When I first heard John Singleton had had a stroke, all the conflicting information made me think he would pull through. But today, ironically, as I flew from my city of New York to John’s city of Los Angeles, I learned it was over, that he was being taken off life support. I cried on that plane ride, I cry in my heart as I write this now. Another black man gone too soon, from something that was preventable. But given the many challenges we face in America, the ugliness of racism, the constant need to prove ourselves, over and over, it is little wonder that so many of us are sick, are walking wounded, are working ourselves, quite literally at times, to death. I am sad because I never got on that boat of John’s for a ride he was always offering. Sailing was one of the great joys of John’s life, and I spoke with him many a day when he was on his boat. I am extremely sad because just this past Saturday, I directed and produced and wrote my very first short film, about black men and black boys, and I thought about John Singleton the entire time, how I wanted to create something with him.

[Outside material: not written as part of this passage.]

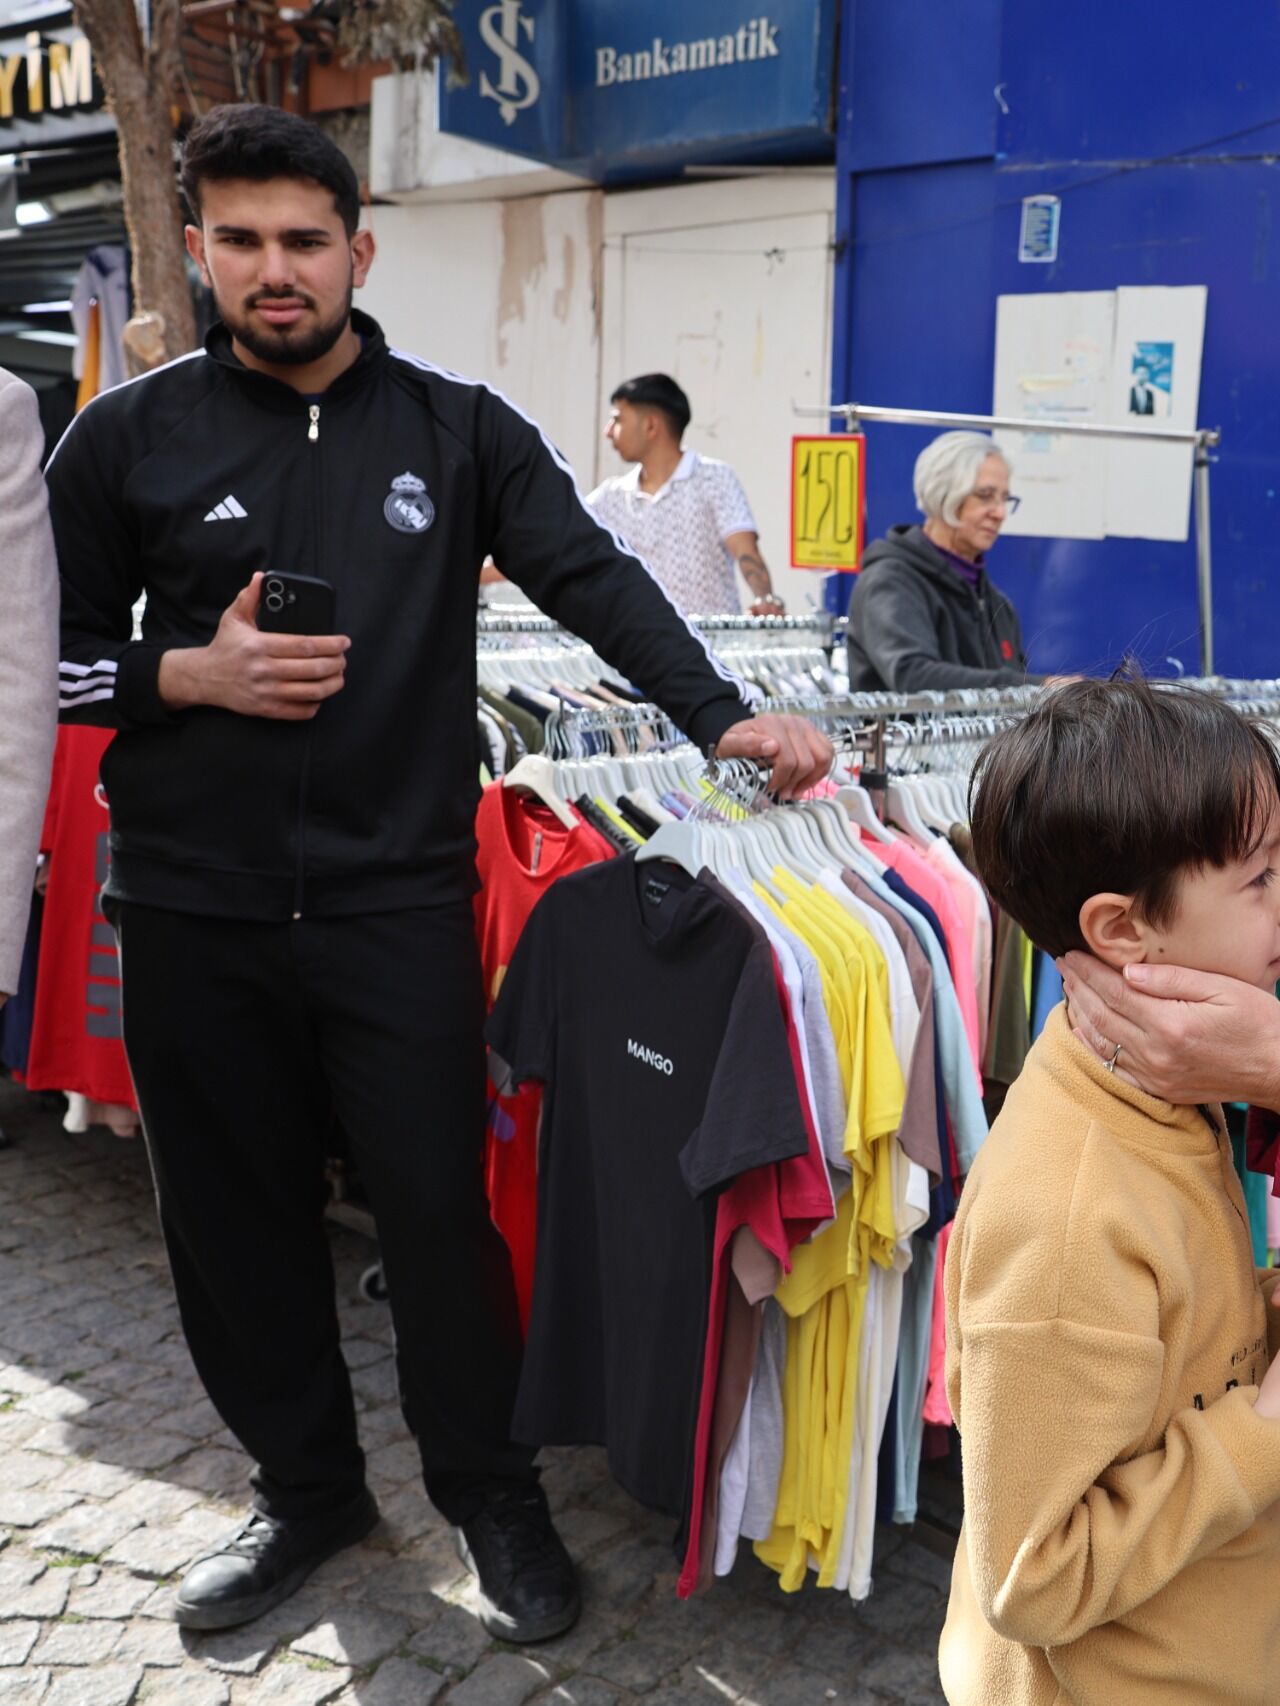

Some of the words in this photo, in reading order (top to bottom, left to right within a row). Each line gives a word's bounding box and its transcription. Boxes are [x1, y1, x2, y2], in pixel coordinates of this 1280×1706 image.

[597, 17, 779, 86] Bankamatik
[797, 449, 854, 544] 150
[627, 1038, 674, 1076] MANGO

And how I was going to ask him to support my short film entitled “Brotha Man.”

Indeed, we had kicked around some ideas the past year or so, he had quietly supported financially my wife Jinah Parker’s theater production, SHE, a Choreoplay, and John stood by me when I filed a lawsuit against the producers of the Tupac biopic, even as I was being ridiculed by some due to false media information. John, in a word, was a friend, to me, to many, a supporter, to me, to many; and because he is of my generation, of my race, of my gender identity, he also spoke for me and to me, through his films. So a part of me has died, too, with him, and you wonder every single time you see one of your peers gone how much time you have yourself before God, the ancestors, the universe, some spirit force calls on you next. I have no idea, I am not afraid, I am stunned, yes, but I have done everything I can to prepare myself for how long or how short the rest of my life will be. And it is my humble hope that like John Singleton, when I am gone, I will have left something behind for all time. Because he did, he truly did.